Authors: Bohan Hou, Gen Li, Jindou Jia, Tuo An, Xinying Guo, Sicong Leng, Haoran Geng, Yanjie Ze, Tatsuya Harada, Philip Torr, Oier Mees, Marc Pollefeys, Zhuang Liu, Jiajun Wu, Pieter Abbeel, Jitendra Malik, Yilun Du, Jianfei Yang
Paper: https://arxiv.org/abs/2605.00080v1
Site: https://ntumars.github.io/wm-robot-survey/
Code: https://github.com/NTUMARS/Awesome-World-Model-for-Robotics-Policy
TL;DR
WHAT was done?
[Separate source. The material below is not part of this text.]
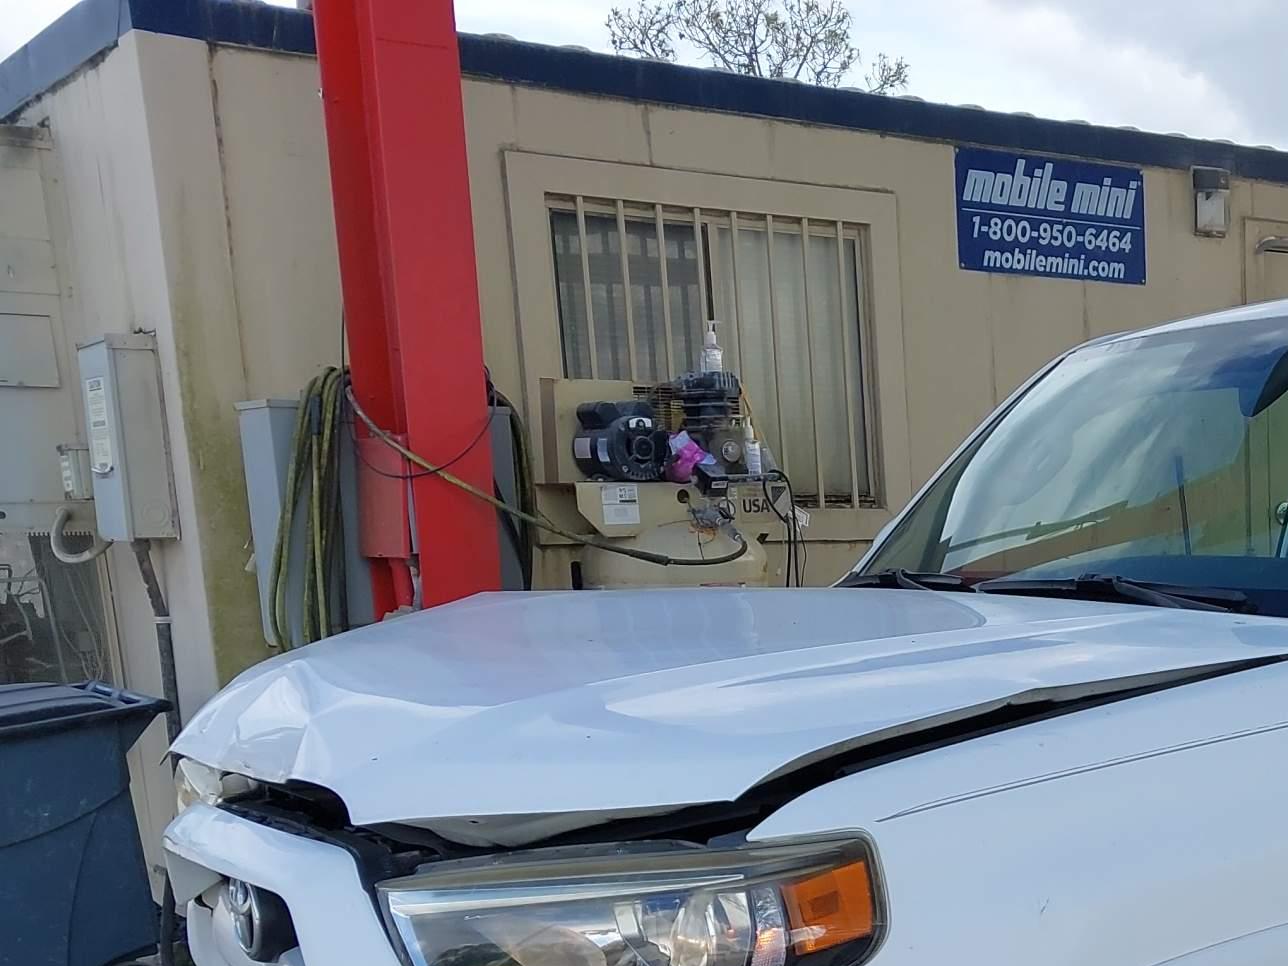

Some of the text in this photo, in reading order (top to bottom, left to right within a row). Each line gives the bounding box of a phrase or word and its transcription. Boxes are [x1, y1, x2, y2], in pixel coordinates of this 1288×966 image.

[962, 158, 1137, 219] mobile mini
[972, 215, 1132, 253] 1-800-950-6464
[983, 248, 1125, 279] mobilemini.com
[742, 498, 771, 513] USA
This paper provides a comprehensive, policy-centric taxonomy of how world models are integrated into robotic learning. It systematically categorizes the field across architectural paradigms (from decoupled pipelines to unified single-backbones) and functional roles (from passive video predictors to interactive reinforcement learning simulators), with a specific emphasis on the emergence of Multimodal Large Language Models (MLLMs) as internal dynamics engines.
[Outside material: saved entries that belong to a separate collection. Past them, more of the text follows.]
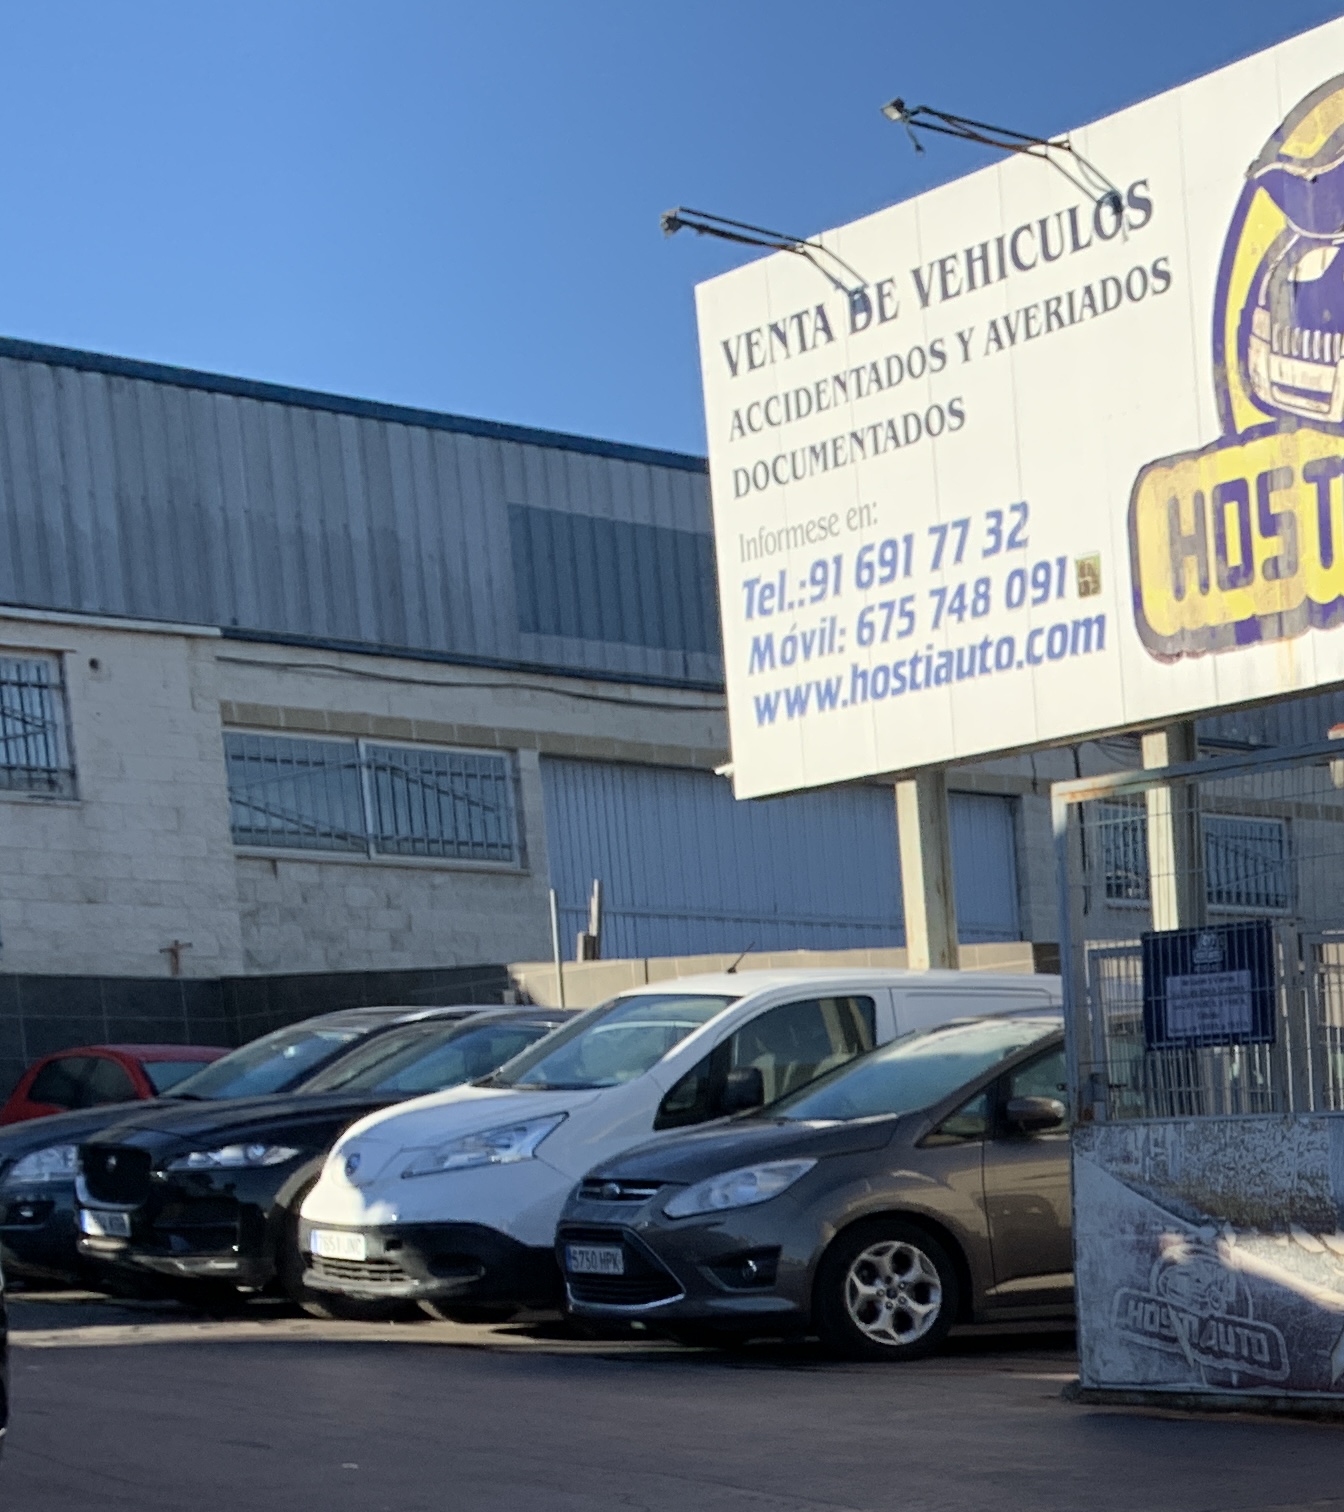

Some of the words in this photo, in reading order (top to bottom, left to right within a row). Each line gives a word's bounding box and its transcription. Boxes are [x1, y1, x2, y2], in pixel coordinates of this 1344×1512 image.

[721, 304, 836, 379] VENTA
[848, 277, 901, 335] DE
[912, 179, 1154, 310] VEHICULOS
[729, 338, 949, 441] ACCIDENTADOS
[957, 326, 977, 364] Y
[984, 256, 1173, 357] AVERIADOS
[732, 397, 967, 499] DOCUMENTADOS
[739, 510, 841, 563] Informese
[846, 500, 879, 534] en:
[855, 534, 916, 591] 691
[930, 522, 970, 573] 77
[981, 501, 1031, 560] 32
[749, 616, 847, 675] Móvil:
[857, 600, 917, 648] 675
[930, 582, 992, 635] 748
[1005, 556, 1067, 612] 091
[754, 611, 1107, 727] www.hostiauto.com
WHY it matters? Purely reactive Vision-Language-Action (VLA) models are reaching a performance ceiling in long-horizon reasoning and robustness against compounding errors. By injecting explicit predictive structures, world models—particularly those internalizing "what happens next" logic within MLLM transformer layers—provide the necessary causal foresight, physical grounding, and synthetic data amplification required to push embodied intelligence toward reliable, closed-loop deployment in complex real-world environments.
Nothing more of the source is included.